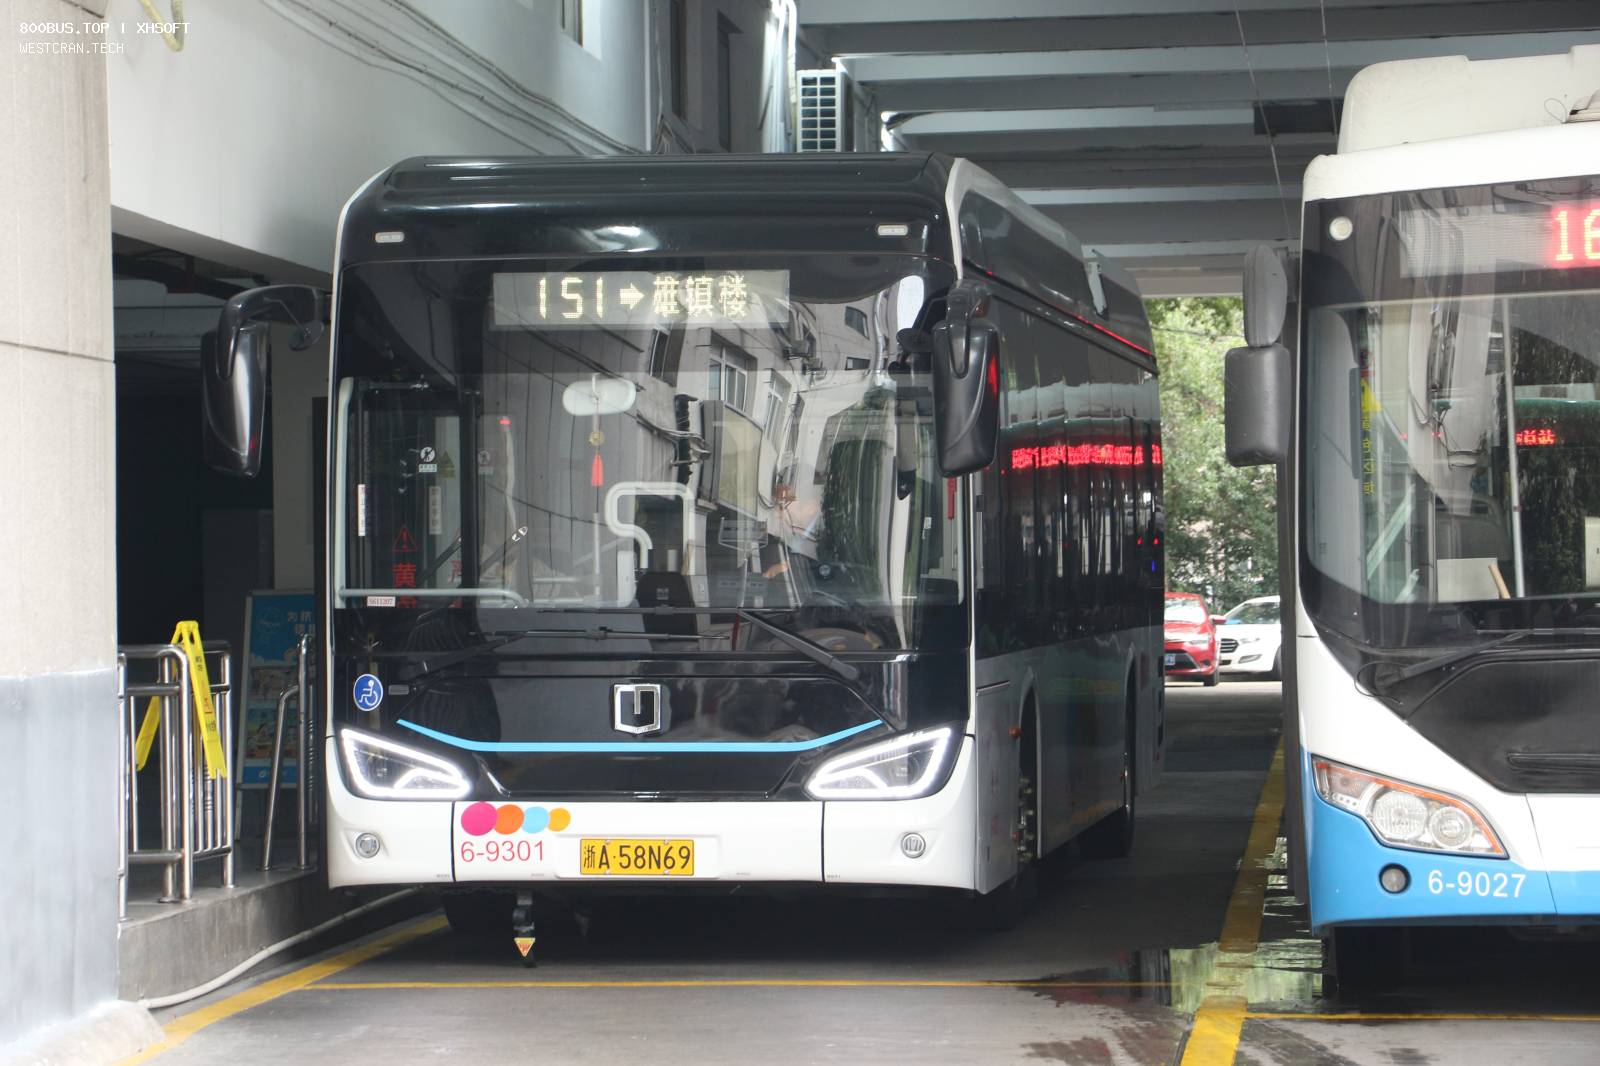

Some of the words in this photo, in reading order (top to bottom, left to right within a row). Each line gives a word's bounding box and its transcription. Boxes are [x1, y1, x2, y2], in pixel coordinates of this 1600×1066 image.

[539, 276, 604, 319] 151
[460, 840, 544, 862] 6-9301
[1427, 869, 1527, 898] 6-9027
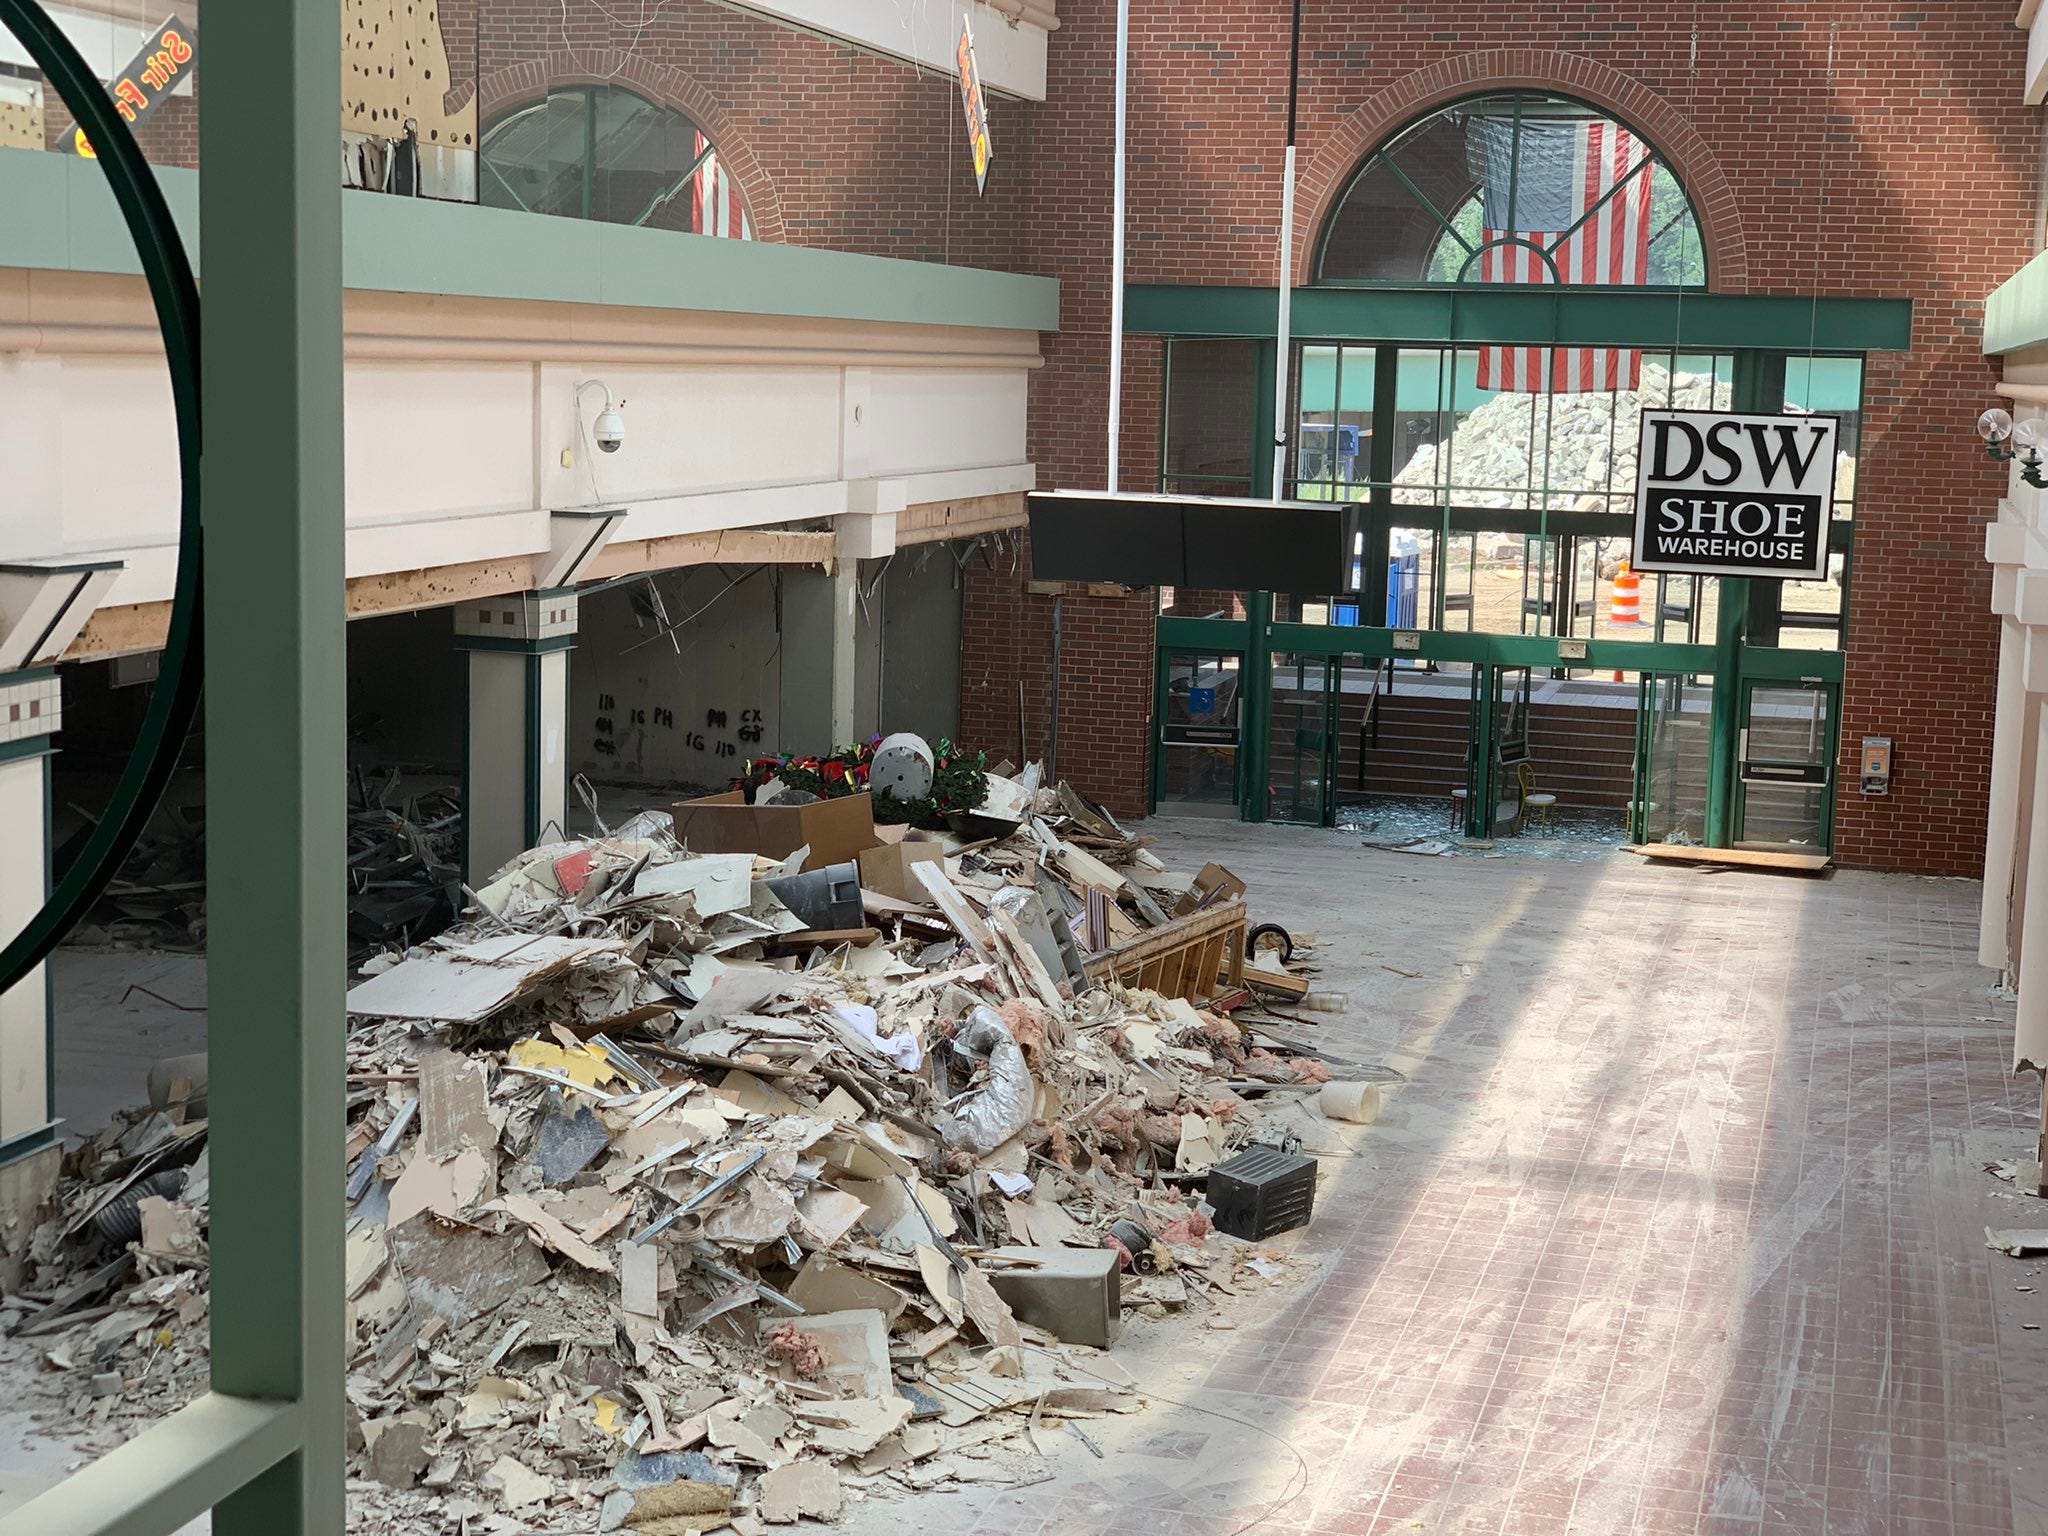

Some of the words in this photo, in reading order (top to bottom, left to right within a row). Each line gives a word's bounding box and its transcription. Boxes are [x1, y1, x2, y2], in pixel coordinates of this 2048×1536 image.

[1647, 420, 1828, 489] DSW
[1658, 498, 1805, 538] SHOE
[1657, 536, 1803, 561] WAREHOUSE

→ **Directions**: All of the entries above are to be written out exactly, with no pictures.

→ **Result**:
Some of the words in this photo, in reading order (top to bottom, left to right within a row). Each line gives a word's bounding box and its transcription. Boxes are [x1, y1, x2, y2], in pixel coordinates of this 1600×1066 image.

[539, 276, 604, 319] 151
[460, 840, 544, 862] 6-9301
[1427, 869, 1527, 898] 6-9027

Some of the words in this photo, in reading order (top to bottom, left to right within a row). Each line gives a word's bounding box and its transcription. Boxes are [x1, y1, x2, y2], in pixel coordinates of this 2048×1536 image.

[1647, 420, 1828, 489] DSW
[1658, 498, 1805, 538] SHOE
[1657, 536, 1803, 561] WAREHOUSE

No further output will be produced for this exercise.